• **ABOUT THIS TASK**:
Because only the text is wanted, repeat the records below exactly and omit the pictures.

** Opening SUPPLIED ENTRIES block **

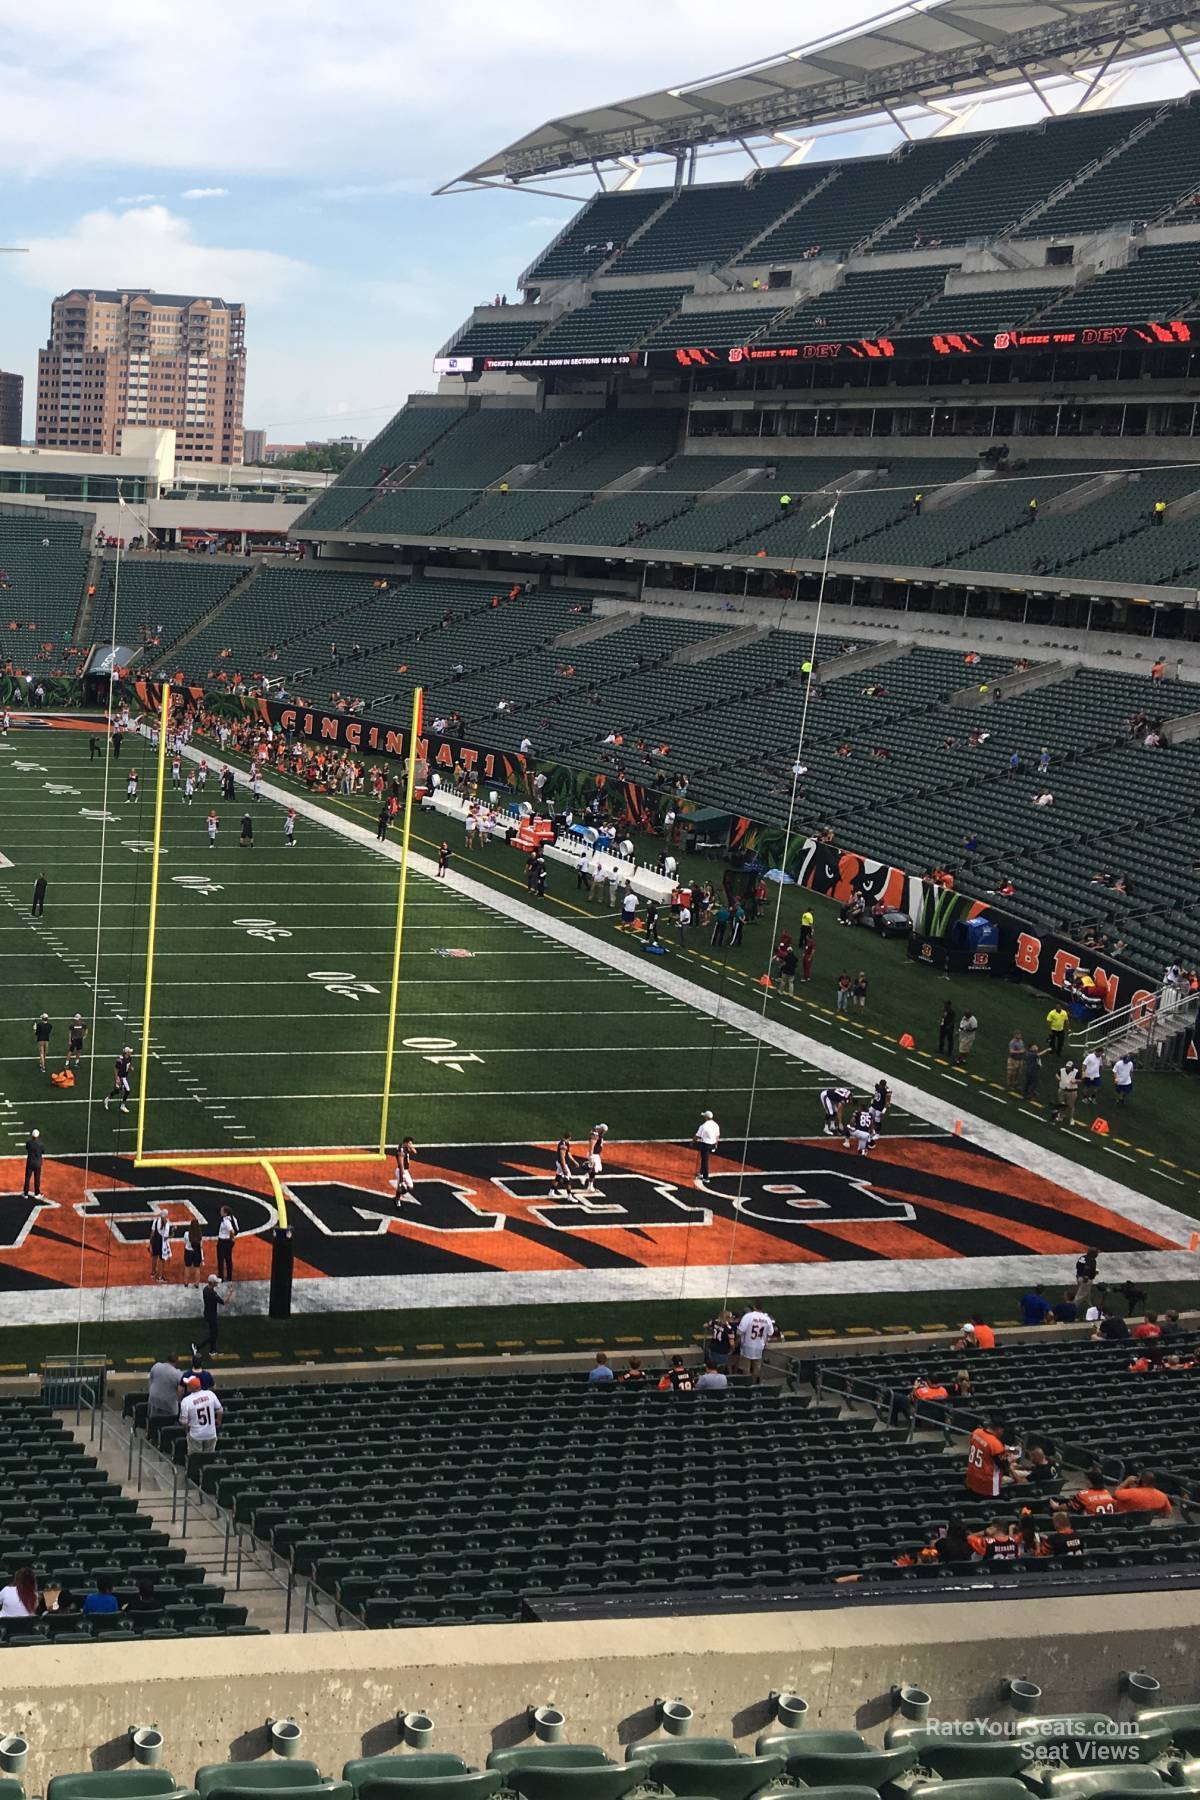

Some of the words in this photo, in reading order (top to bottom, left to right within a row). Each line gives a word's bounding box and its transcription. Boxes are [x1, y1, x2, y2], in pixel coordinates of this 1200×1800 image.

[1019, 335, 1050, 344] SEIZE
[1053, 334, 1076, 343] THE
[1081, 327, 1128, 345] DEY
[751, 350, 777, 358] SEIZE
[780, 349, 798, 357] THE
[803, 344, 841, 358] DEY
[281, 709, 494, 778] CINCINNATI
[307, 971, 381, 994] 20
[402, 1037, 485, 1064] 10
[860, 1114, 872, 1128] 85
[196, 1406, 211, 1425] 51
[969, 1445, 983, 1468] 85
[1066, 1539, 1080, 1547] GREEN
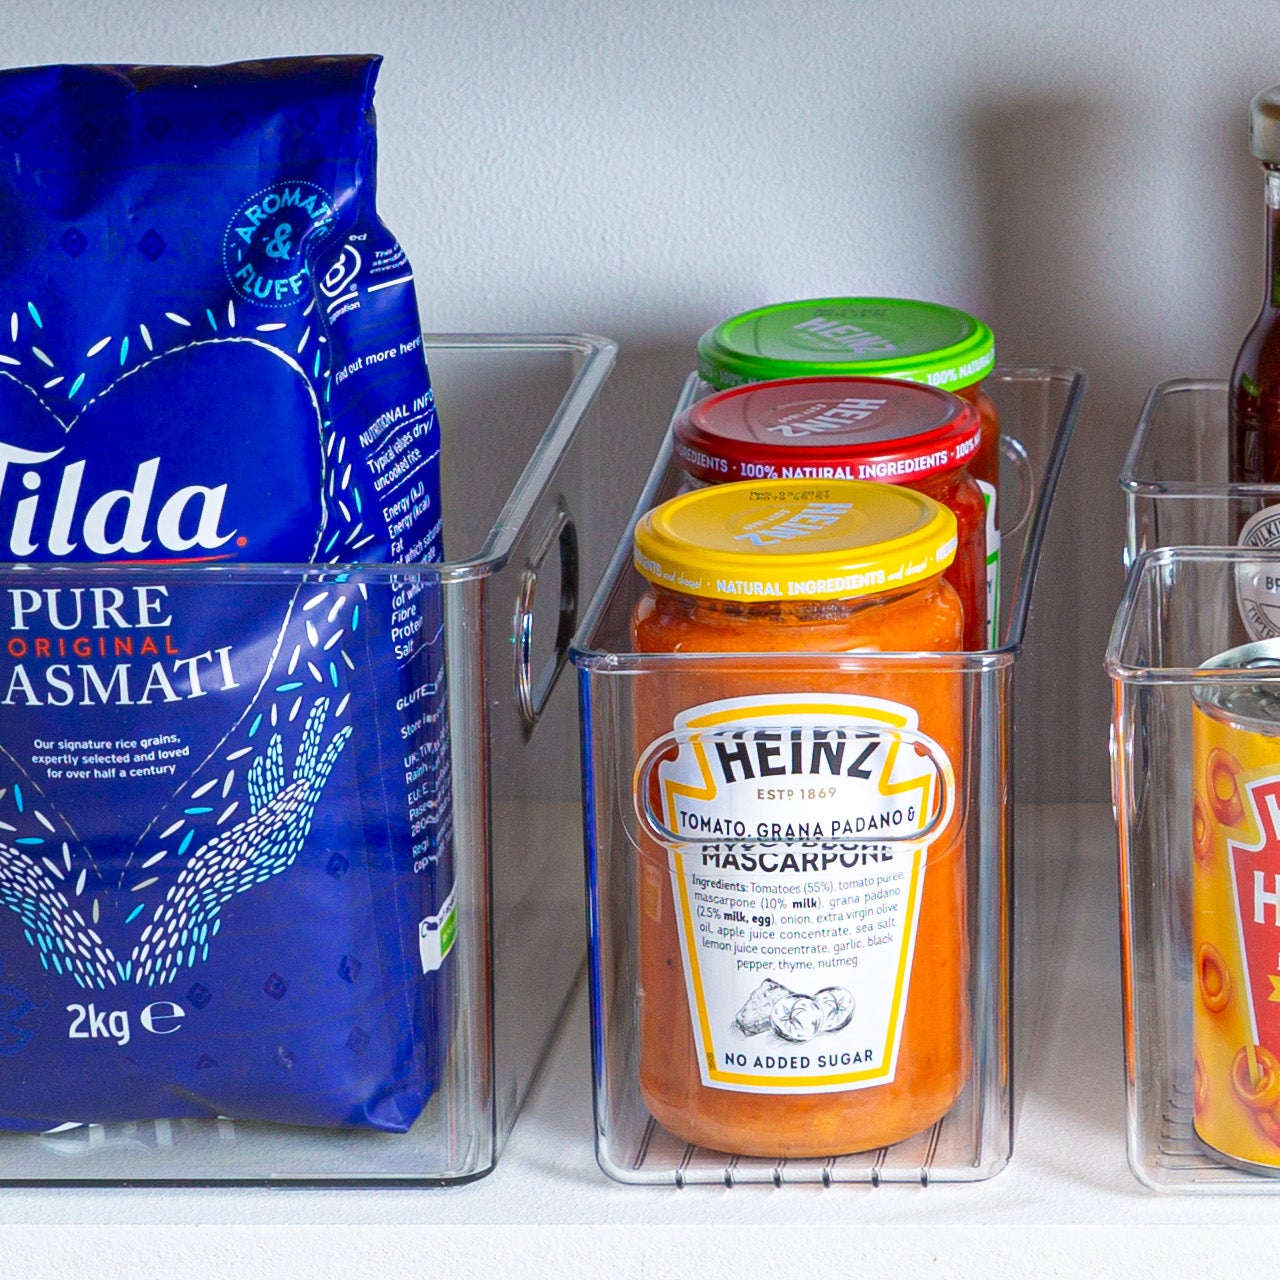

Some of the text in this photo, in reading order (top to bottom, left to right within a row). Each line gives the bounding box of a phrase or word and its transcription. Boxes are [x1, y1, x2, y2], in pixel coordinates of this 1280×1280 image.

** Closing SUPPLIED ENTRIES block **

• **EXERCISE ANSWER**:
Some of the words in this photo, in reading order (top to bottom, left to right within a row). Each line gives a word's bounding box and its transcription. Boxes are [x1, y1, x2, y2], in pixel coordinates of this 1200×1800 image.

[1019, 335, 1050, 344] SEIZE
[1053, 334, 1076, 343] THE
[1081, 327, 1128, 345] DEY
[751, 350, 777, 358] SEIZE
[780, 349, 798, 357] THE
[803, 344, 841, 358] DEY
[281, 709, 494, 778] CINCINNATI
[307, 971, 381, 994] 20
[402, 1037, 485, 1064] 10
[860, 1114, 872, 1128] 85
[196, 1406, 211, 1425] 51
[969, 1445, 983, 1468] 85
[1066, 1539, 1080, 1547] GREEN

Some of the text in this photo, in reading order (top to bottom, left to right within a row). Each line gives the bounding box of a phrase or word and its transcription. Boxes are [x1, y1, x2, y2], in pixel coordinates of this 1280×1280 image.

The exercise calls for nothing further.